Between 18 and 20 months, children learn words very quickly, some of them learn new words every 90 minutes. Until the age of 3, the child will say a lot of new words and will be able to use them in sentences consisting of 3 words. Some children have already developed "receptive speech", that is, I understand very well what you say, even if they do not have as well developed expressive speech, that is, they do not express themselves as well as they understand. An example of what receptive speech means is that when you tell your child to sit down or come to you, he does what you tell him. Even if you do not keep up with the expressive chapter, this is perfectly normal until the age of 30 months.
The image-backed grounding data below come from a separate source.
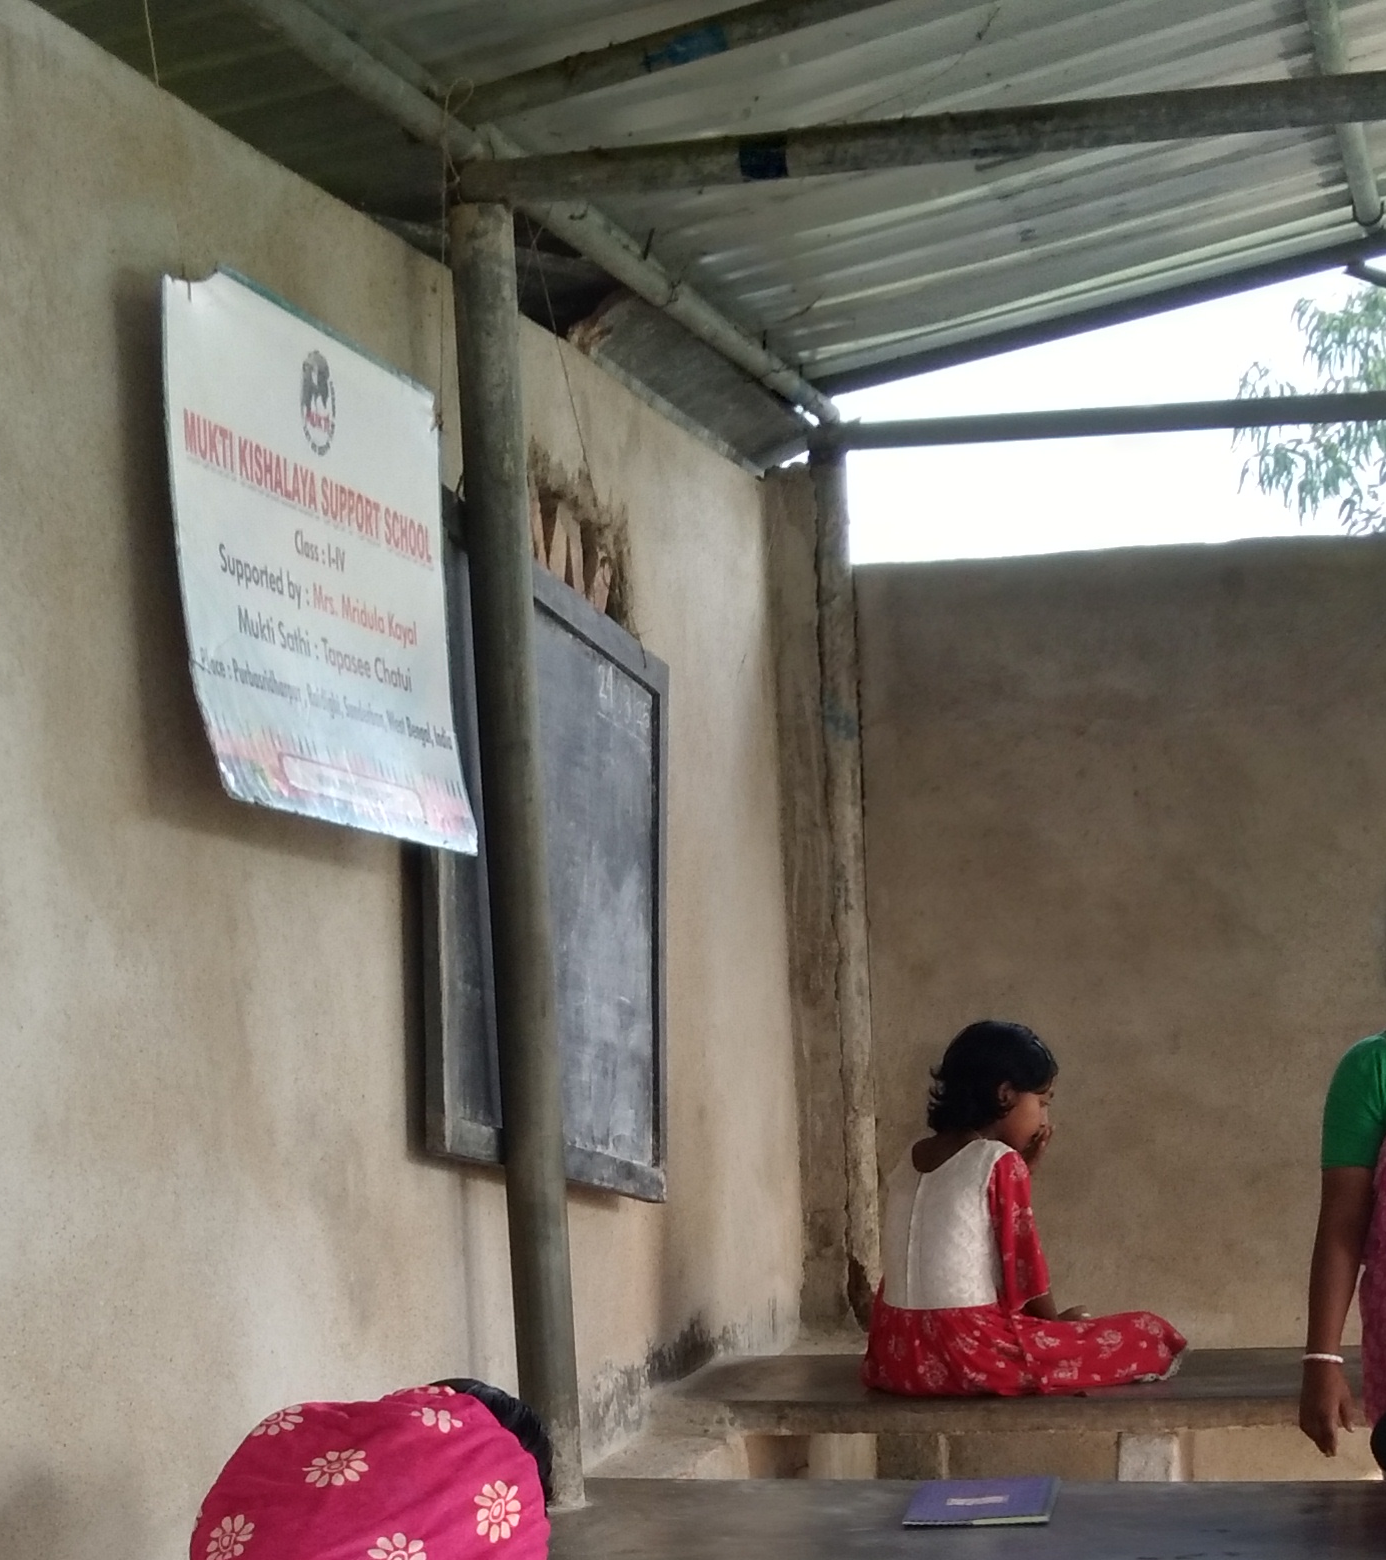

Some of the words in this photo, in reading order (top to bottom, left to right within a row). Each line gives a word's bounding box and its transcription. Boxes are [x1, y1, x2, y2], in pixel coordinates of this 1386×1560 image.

[183, 407, 234, 474] MUKTI
[238, 435, 318, 513] KISHALAYA
[321, 476, 381, 540] SUPPORT
[384, 507, 433, 563] SCHOOL
[294, 529, 319, 562] Class
[218, 542, 284, 596] Supported
[286, 569, 302, 610] by
[313, 582, 338, 617] Mrs.
[341, 593, 385, 634] Mridula
[387, 611, 418, 649] Kayal
[237, 604, 276, 645] Mukti
[277, 620, 312, 657] Sathi
[320, 637, 372, 679] Tapasee
[374, 656, 413, 693] Chatui
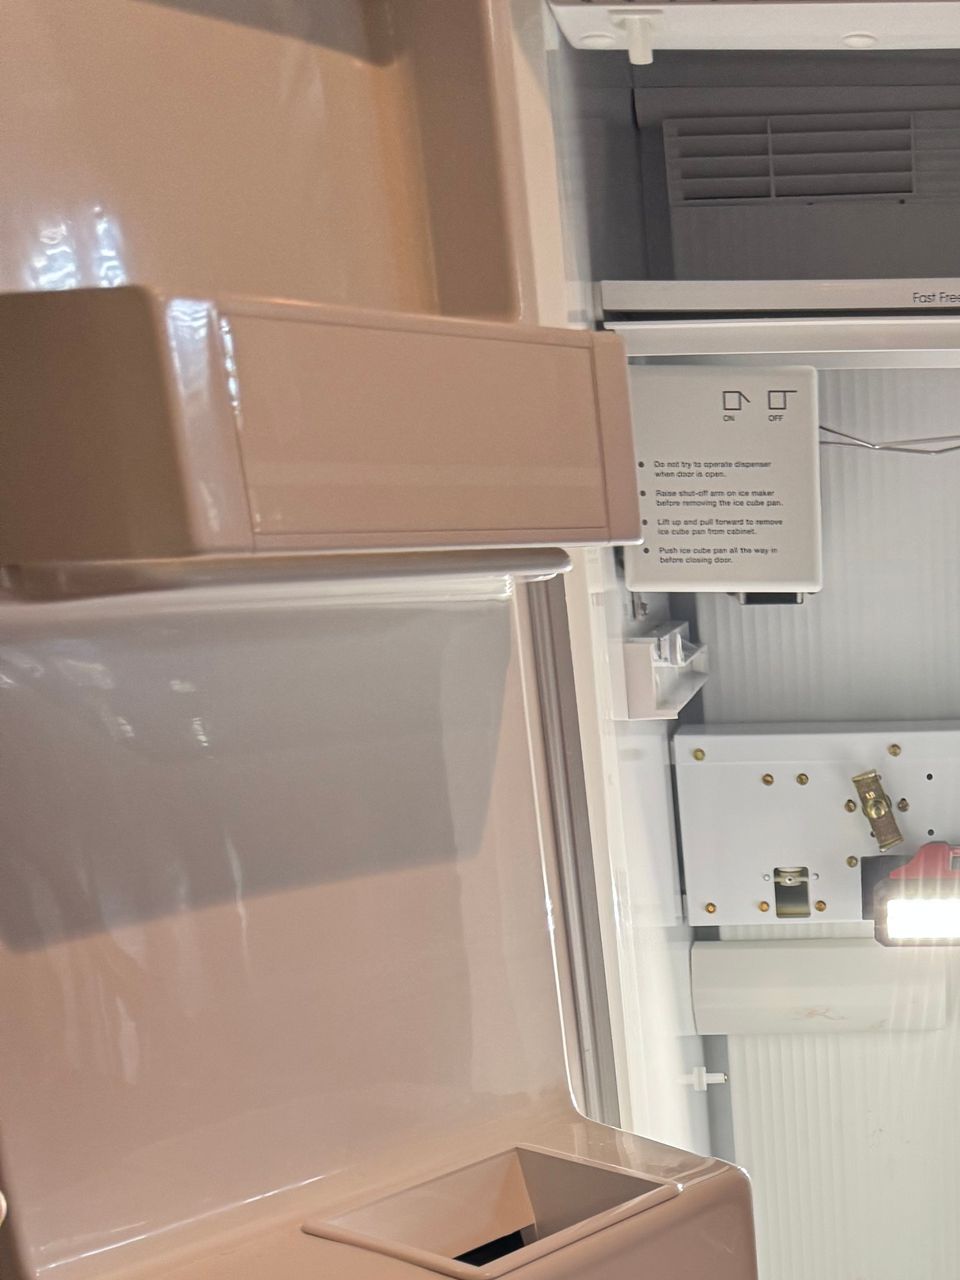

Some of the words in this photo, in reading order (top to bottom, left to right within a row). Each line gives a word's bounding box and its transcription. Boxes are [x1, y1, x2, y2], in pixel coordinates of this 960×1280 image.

[912, 292, 937, 303] Fast
[767, 414, 784, 422] OFF
[653, 460, 665, 468] Do
[667, 460, 680, 468] not
[681, 460, 692, 469] try
[694, 460, 702, 468] to
[703, 461, 733, 469] operate
[734, 460, 771, 469] dispenser
[682, 500, 717, 508] removing
[766, 500, 784, 508] pan.
[657, 518, 670, 526] Lift
[672, 518, 682, 526] up
[683, 518, 698, 526] and
[699, 518, 714, 527] pull
[715, 518, 744, 526] forward
[746, 518, 754, 526] to
[658, 546, 678, 554] Push
[693, 546, 711, 554] cube
[713, 547, 728, 555] pan
[729, 546, 738, 554] all
[740, 546, 752, 554] the
[754, 547, 769, 555] way
[770, 546, 778, 554] in
[685, 557, 712, 565] closing
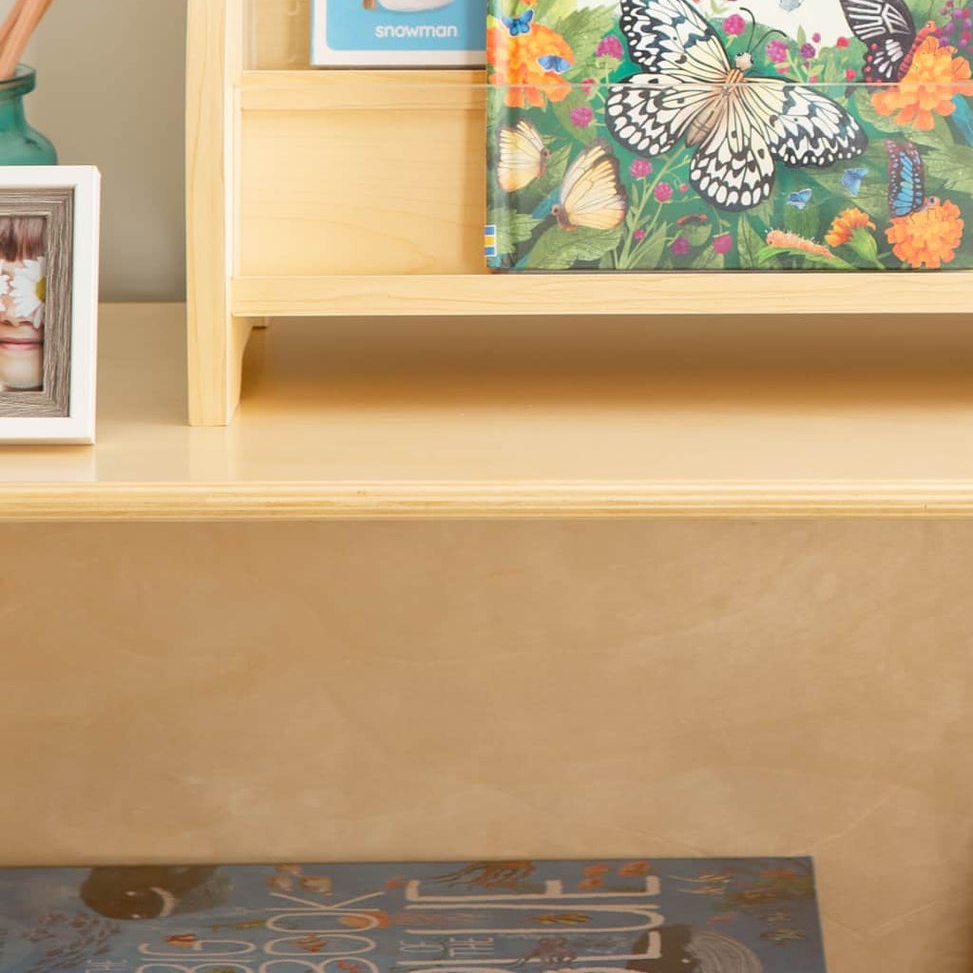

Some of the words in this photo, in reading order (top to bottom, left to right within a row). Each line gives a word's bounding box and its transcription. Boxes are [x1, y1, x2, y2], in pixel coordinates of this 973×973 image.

[375, 24, 457, 38] snowman
[259, 891, 386, 973] BOOK
[396, 875, 665, 973] LUE
[450, 937, 495, 958] THE
Between one and two years, the child will know about 300 words. He will be able to join the subject and the predicate to form sentences and he will be able to use the personal pronoun correctly to create a sentence such as: "I want to go".
After the age of three, the child will become a sophisticated speaker. He will be able to initiate and sustain a conversation and adjust his tone and vocabulary depending on the conversation partner. In other words, he will speak differently to an adult and quite another to another child. At this stage, the words he utters will be almost completely understandable, he will be fluent in stating his name and age and will be pleased to interact verbally with others.
If up to 30 months your child has not developed his or her language, it is advisable to schedule a specialized consultation to identify the reason for this developmental delay. Often, these problems can be solved with very little specialized help.
How can you help him develop his speech?
The most important help you give your child to develop their speech is to encourage them to communicate. If you raise your hands to hold him, don't ignore him, but show him that you understand what he wants. This is why you encourage him to communicate and he will be motivated to explore and talk. You also need to listen carefully to what the child is "stuttering" and contextualize what he is saying. If you still do not understand what he is saying, try to help him maintain visual contact for as long as possible and propose words to him. It helps if you constantly tell them what you are doing. In this way the child connects between words and actions. Equally important is to play with the child and encourage him to socialize with other children by organizing play meetings.
If he is late to speak, you will have to test his hearing. Statistics show that three out of 1,000 children have hearing problems, and this causes language delays. Screening for the detection of hearing problems can be done from birth. If hearing problems are not detected, you will need to consult a language delay specialist who will be able to identify the reason. Some developmental problems such as autism, ADHD and retardation may be associated with language delay.
Children can be supported to make language acquisition at a natural pace using specific therapies led by specialists and with adjuvants that optimize brain functions.